Chastain looked to Virgil.

“You want me to round up a posse,” he said.

Virgil shook his head.

“Right now,” he said, “let’s get out there and find someone that has laid eyes on Boston Bill, go from there. Truitt, too...”

“Witnesses said Messenger had a Colt in a belt holster when Truitt shot him,” Book said. “But Messenger never went for it. They said he put his hand in his knapsack and that is when he got shot.”

“What witnesses?” I said. “Who have you talked to, who was there when it happened?”

“Construction workers, mostly,” Chastain said. “There was also Mr.

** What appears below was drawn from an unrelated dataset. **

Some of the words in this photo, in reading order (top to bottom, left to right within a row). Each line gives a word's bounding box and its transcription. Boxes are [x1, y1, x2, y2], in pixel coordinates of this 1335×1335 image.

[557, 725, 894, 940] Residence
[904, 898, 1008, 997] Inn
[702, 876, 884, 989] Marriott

Pritchard.”

“Hollis Pritchard?” I said. “He was there?”

“He was.”

Virgil looked at me.

“The owner of the gambling hall?”

“He is,” I said.

“You talk to him?” Virgil said.

“A little bit,” Chastain said. “He seemed upset and confused by what happened.”

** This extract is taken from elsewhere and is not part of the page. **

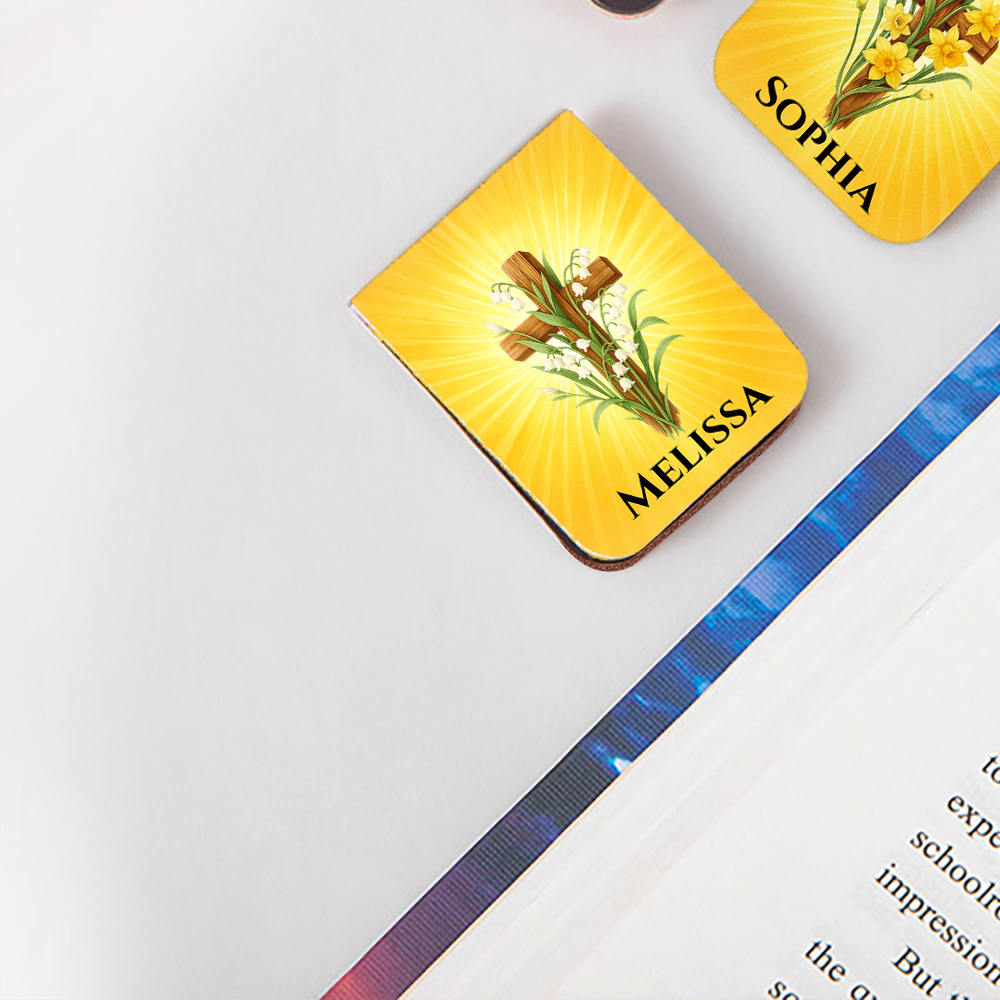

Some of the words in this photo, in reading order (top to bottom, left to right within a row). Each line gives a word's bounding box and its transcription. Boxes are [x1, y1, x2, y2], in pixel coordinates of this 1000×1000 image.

[755, 75, 878, 215] SOPHIA
[616, 385, 775, 520] MELISSA
[804, 940, 847, 983] the
[892, 945, 943, 997] But

“So what the hell did happen?” I said.

“Workers I talked with said the Denver fella walked out from the boardwalk across the street,” Book said. “He had a few words with Boston Bill and then come out of his knapsack holding that warrant you got in your hand.”

I held up my hand with the rolled-up warrant Skinny Jack had handed to us on Virgil’s back porch.

“Did Boston Bill see this,” I said. “Know about this?”

“Don’t know,” Chastain said. “We don’t have any idea about that.”

Chastain looked to Virgil. Virgil was looking off as if he were thinking about something else.

“What now, Virgil?”

Virgil waited a moment as he thought, then looked back to Chastain.

“Contact Denver,” he said. “See what you can find out about Roger Messenger, about the warrant, about who was murdered.”

Chastain nodded.

“Book, you and Skinny Jack and the rest of your hands keep looking around, see if anyone knows anything,” Virgil said. “Don’t approach, just find out. Got one lawman shot, I damn sure don’t want another.”

Book and Skinny Jack nodded.

“Everett, let’s you and me go have us a visit with Pritchard.”

“Murdered?” Doc Burris said.

Doc Burris looked back and forth between Virgil and me.

“What, may I ask,” he said, pointing to the warrant with his pipe, “is the nature of all this dismay, what’s this drama?”

I held up the note. Doc leaned in and read it, then leaned back.

“So rolls the tumble of the dice,” he said.